The Complexities of Concurrent Disorders: From its name to the diagnosis, treatment, & understanding
Have you heard about concurrent disorders? Maybe you’ve heard about it from its other international names: dual diagnosis, co-occurring disorder, or co-morbid disorder.
The Canadian accepted term ‘concurrent disorder’ is when an individual is diagnosed with a mental health disorder and a substance use disorder. This disorder is significantly underdiagnosed and undertreated. Traditional healthcare systems typically treat a mental health disorder and addiction separately. Often individuals with concurrent disorders are turned away from utilizing healthcare resources as psychiatrists usually do not have addiction management training, and addiction-treating physicians often don’t treat psychiatric disorders (1). This contributes to an increased risk for mortality and morbidity, as those who seek treatment are left with nowhere to go.

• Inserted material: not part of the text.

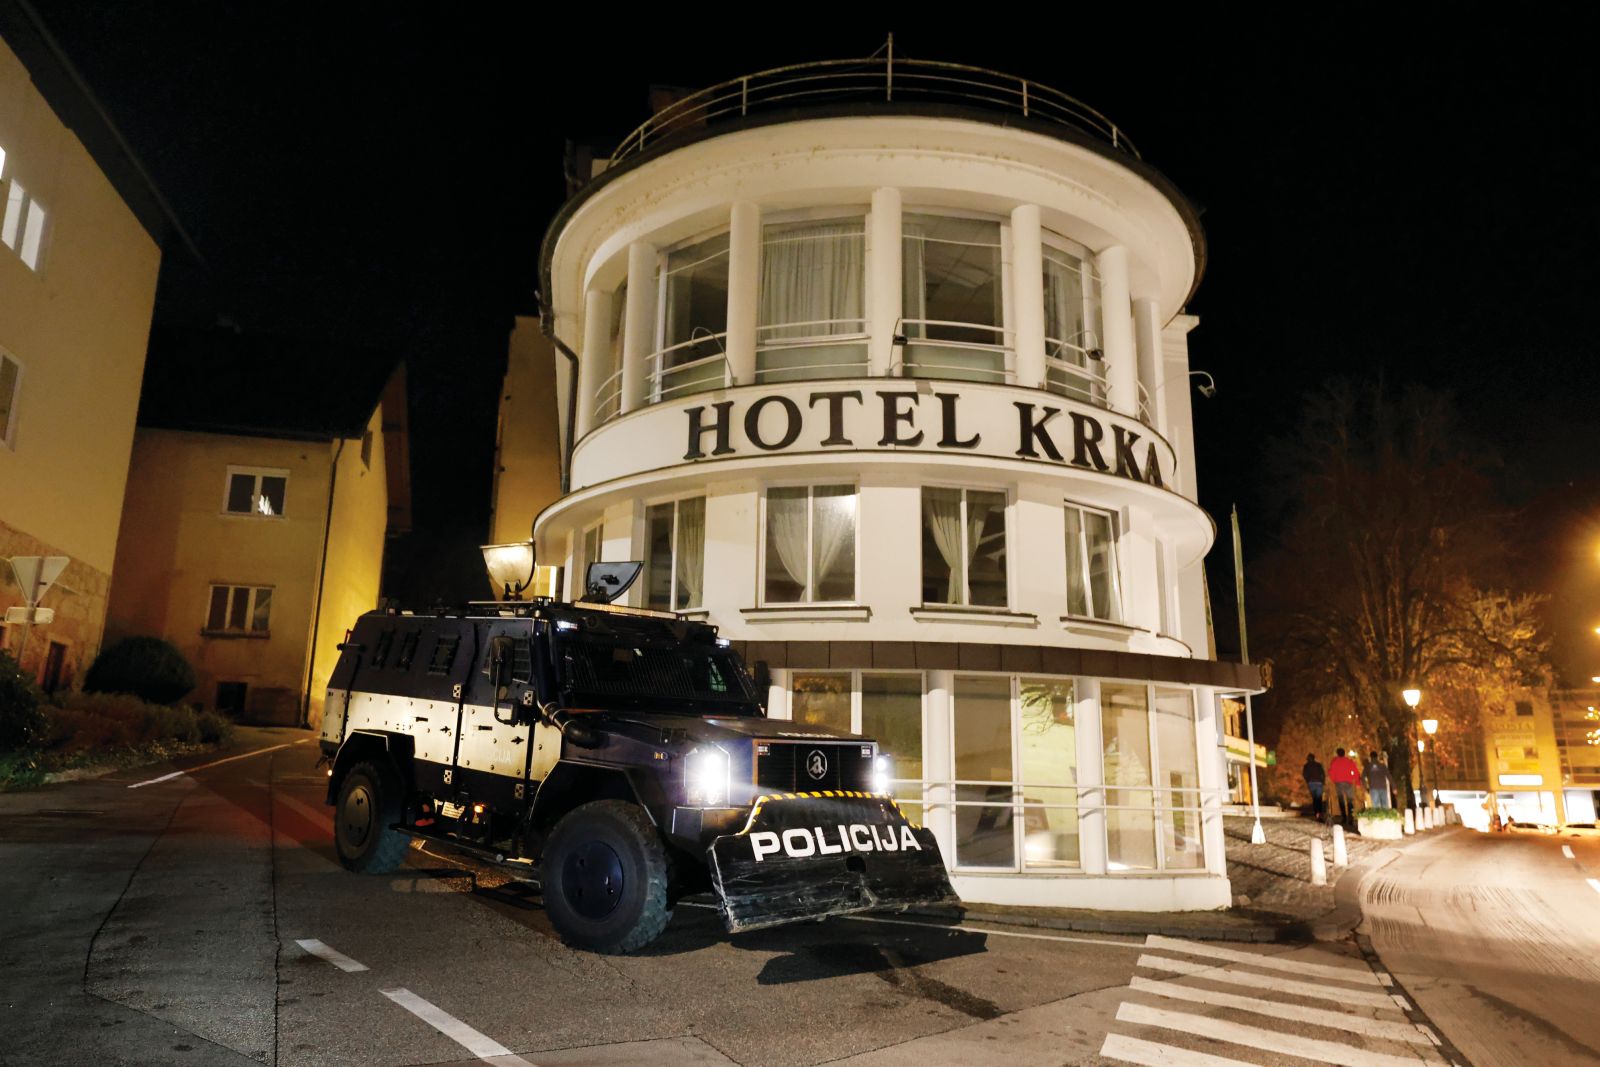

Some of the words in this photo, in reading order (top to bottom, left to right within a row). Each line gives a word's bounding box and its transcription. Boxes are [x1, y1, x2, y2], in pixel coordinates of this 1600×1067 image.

[683, 390, 981, 461] HOTEL
[1013, 401, 1163, 488] KRKA
[750, 824, 922, 862] POLICIJA
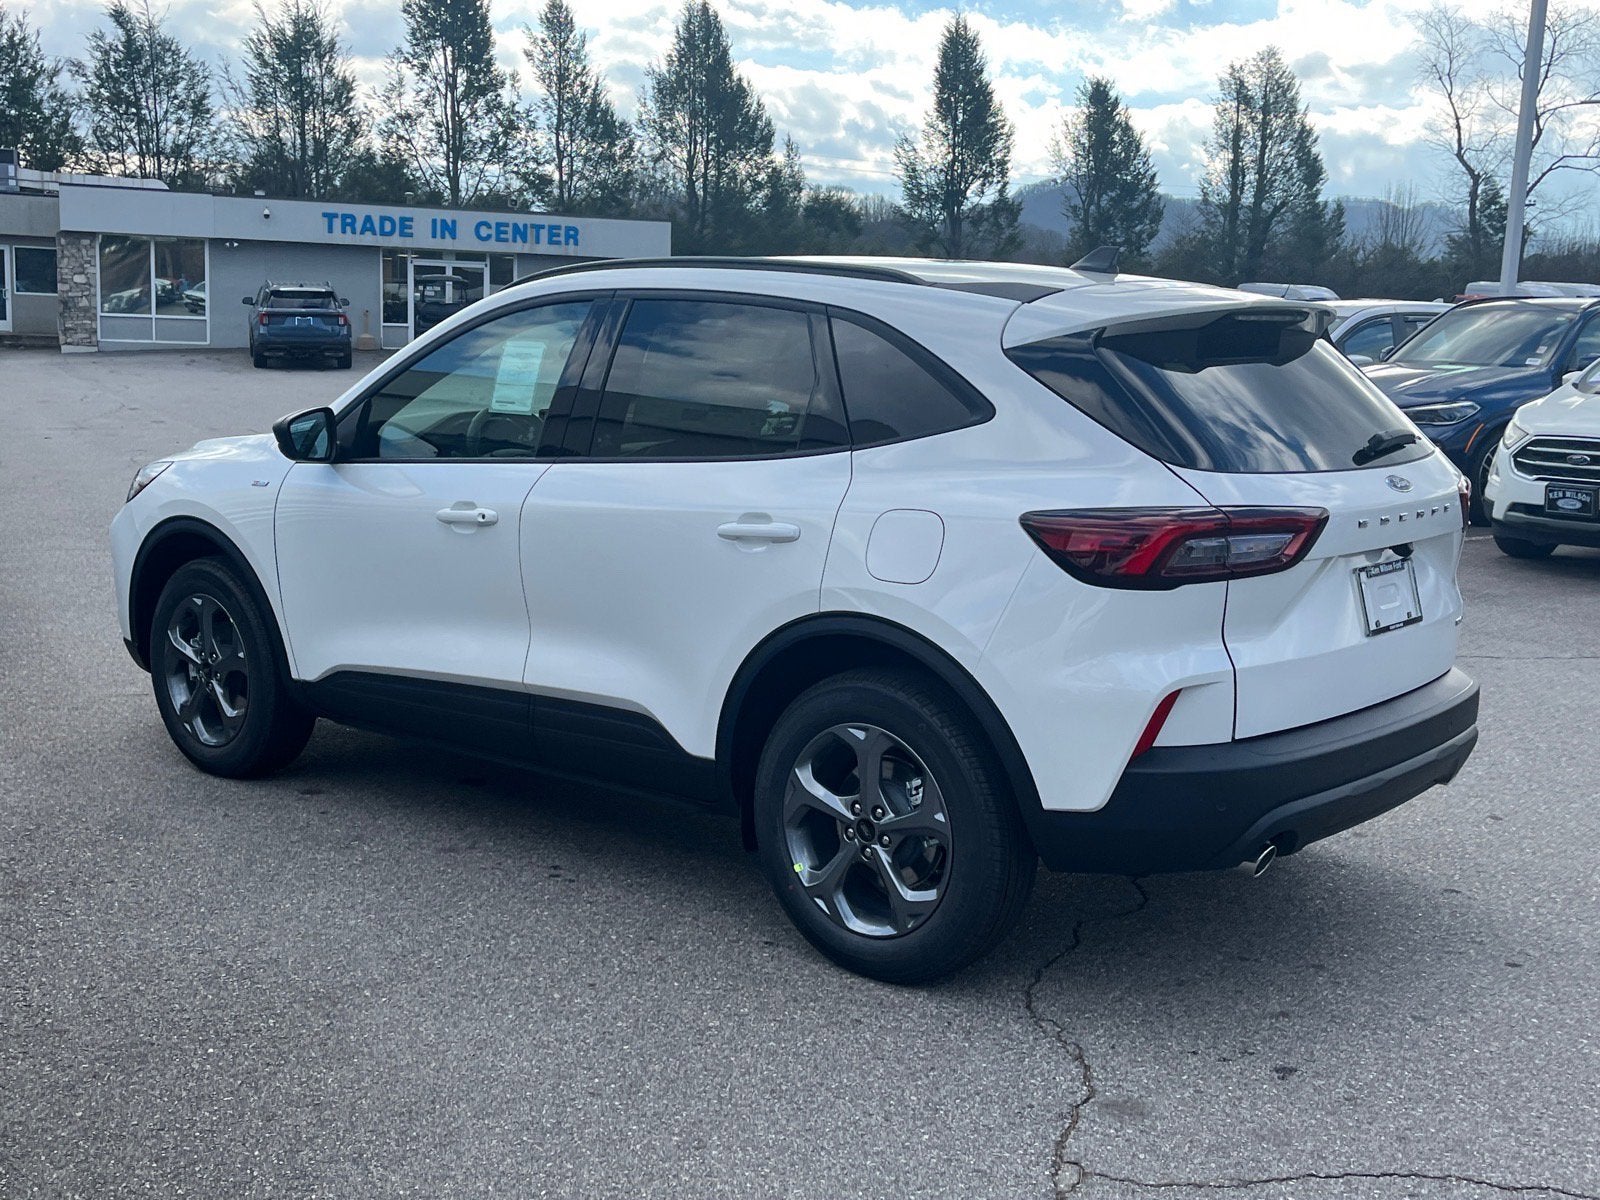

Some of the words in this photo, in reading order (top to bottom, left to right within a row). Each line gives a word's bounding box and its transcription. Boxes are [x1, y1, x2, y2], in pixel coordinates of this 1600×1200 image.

Now you might be thinking, “How relevant is this? If it occurs in enough people, wouldn’t that change the system?”. Up to 80% of individuals with a mental health disorder also have a substance use disorder (2). Certain mental health disorders present different risks for concurrent disorders. For instance, approximately one-fourth of people with anxiety or major depressive disorder will have a co-occurring substance use disorder (3). Whereas, of those with bipolar disorder or schizophrenia, half of these individuals will have a co-occurring substance use disorder (4). Interestingly, cigarette smoking is often not included in these reports, but if they were, this would significantly increase the rate of concurrent disorder prevalence. This data suggests a significant majority of the concurrent disorders in our populations, but this is not reflected in our healthcare systems or research.
Research is often done in ways to control many different variables to get as close to a causal relationship as possible. In this context, concurrent disorders are not very research-friendly. The combination of mental health disorders to substance use disorders is only one complex layer of the puzzle. Adding to this complexity, those with concurrent disorders are more likely to be impacted by multiple biological, psychological, and social risk factors and influence each disorder differently. Concurrent Disorders are complex disorders that have varying clinical progression and symptomology with every individual. Thus, individuals with concurrent disorders are largely excluded from research (1).
The last few decades have shown improvements in the treatment and study of concurrent disorders, but considering the prevalence and severity of the disorder, more needs to be done.